At your initial assessment you note the following: HR 105 BPM, BP 145/95 mmHg, RR 30/min, SpO2 91% on room air, T 35.5 C (95.9 F)
This 41 yo male is in moderate respiratory distress and even without stethoscope you can hear him wheezing. He shakes his head, however, when you ask him about history of asthma. He doesn’t smoke either. Therefore, before attempting therapy you hook up a pocket-size ultrasound transducer to your smartphone.
- What specific diagnosis is likely and what suggestive findings are present in Figure 1 (as featured in JSOM)?
- What treatable risk factor (and likely in your patient) could contribute to this condition?
Whenever you hear a wheeze you should always remember this very important saying. Namely, “not everything that wheezes is asthma“.
So what else can possibly cause such sudden onset of respiratory distress and wheezing? Pulmonary edema surely can!
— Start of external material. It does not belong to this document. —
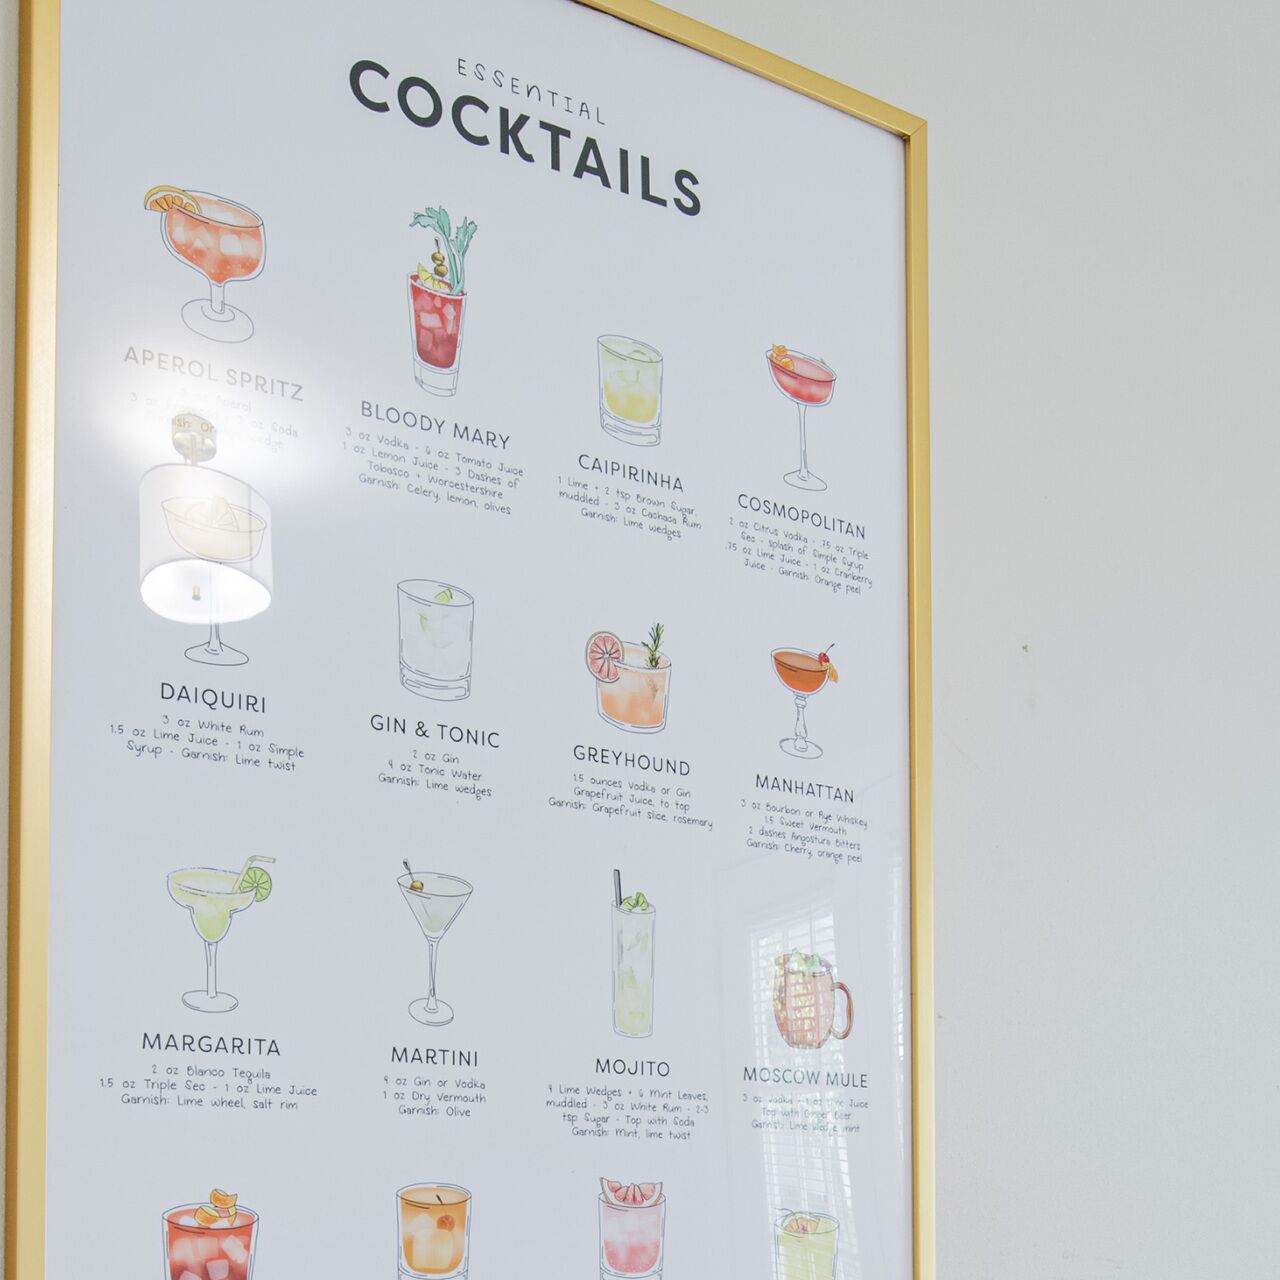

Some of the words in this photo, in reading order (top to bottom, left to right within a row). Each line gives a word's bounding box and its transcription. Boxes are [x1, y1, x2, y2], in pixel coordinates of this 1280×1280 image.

The mechanism of wheezing in pulmonary edema is thought to be narrowing of the small airways because of bronchial wall edema and intraluminal fluid (rather than bronchial smooth muscle contraction as in asthma) .
Now why on earth would this healthy SOF operator, who was entirely asymptomatic prior to undertaking a strenuous swim in cold water, suddenly develop pulmonary edema?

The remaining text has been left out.